The Senate also took the following action
TABLED HB 1417 which would have state pay 7.5 percent of municipalities, schools and county employee retirement costs
PASSED AND SENT TO FINANCE COMMITTEE HB 1535 would give a one-time $500 grant to state retirees of five years or more
PASSED AND SENT TO FINANCE COMMITTEE HB 1548 which fast tracks sale of Lakes Region facility and makes provisions to move the state E-911 and use some of the proceeds from that sale to pay for the relocation.
TABLED HB 1417, which would have provided $28 million to lower property taxes across the state.
Republicans said given the uncertainty of the economy that providing that relief would be unwise while Democrats said the money was necessary for property tax relief.
The prime sponsor of the bill was the late House Democratic Leader Representative Renny Cushing, D-Hampton.

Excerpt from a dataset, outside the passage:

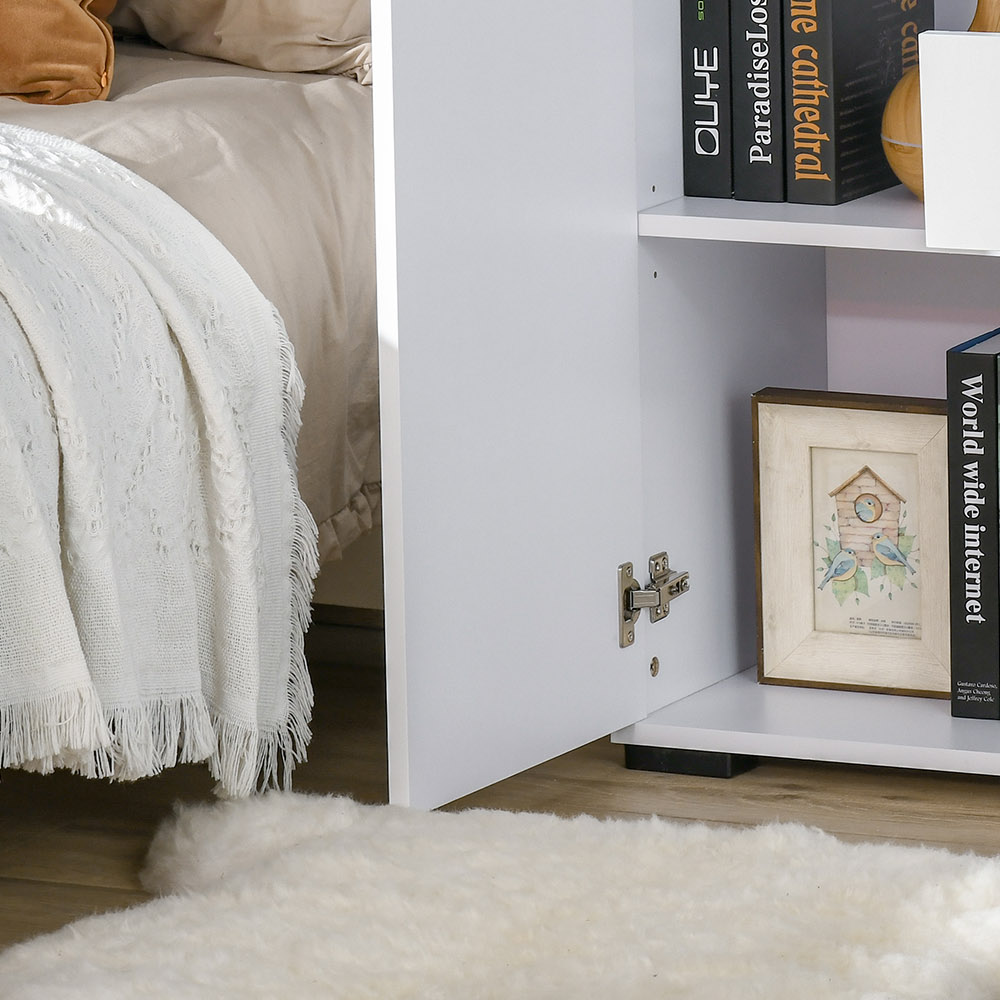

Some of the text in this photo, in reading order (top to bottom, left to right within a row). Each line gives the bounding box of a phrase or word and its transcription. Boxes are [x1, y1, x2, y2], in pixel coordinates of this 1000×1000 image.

[693, 46, 720, 156] OUYE
[791, 44, 832, 182] cathedral
[961, 373, 986, 624] World wide internet

After the vote, Soucy issued the following statement:
“For weeks, our Republican colleagues have touted legislative efforts, many of them spearheaded by Democrats, to provide property tax relief. Now, when we have the best proposal of the session to provide real, direct, long-term property tax relief, they refuse to move forward.”
Sen. Jeb Bradley, R-Wolfeboro, said the time was just not right to provide this relief to property taxpayers.
“Last week we passed HB 1221, a one-time $28M appropriation to pay the 7.5 percent of local contributions to the New Hampshire Retirement System for Fiscal Year 2023 and the latest step in our efforts to lower property taxes,” Bradley said.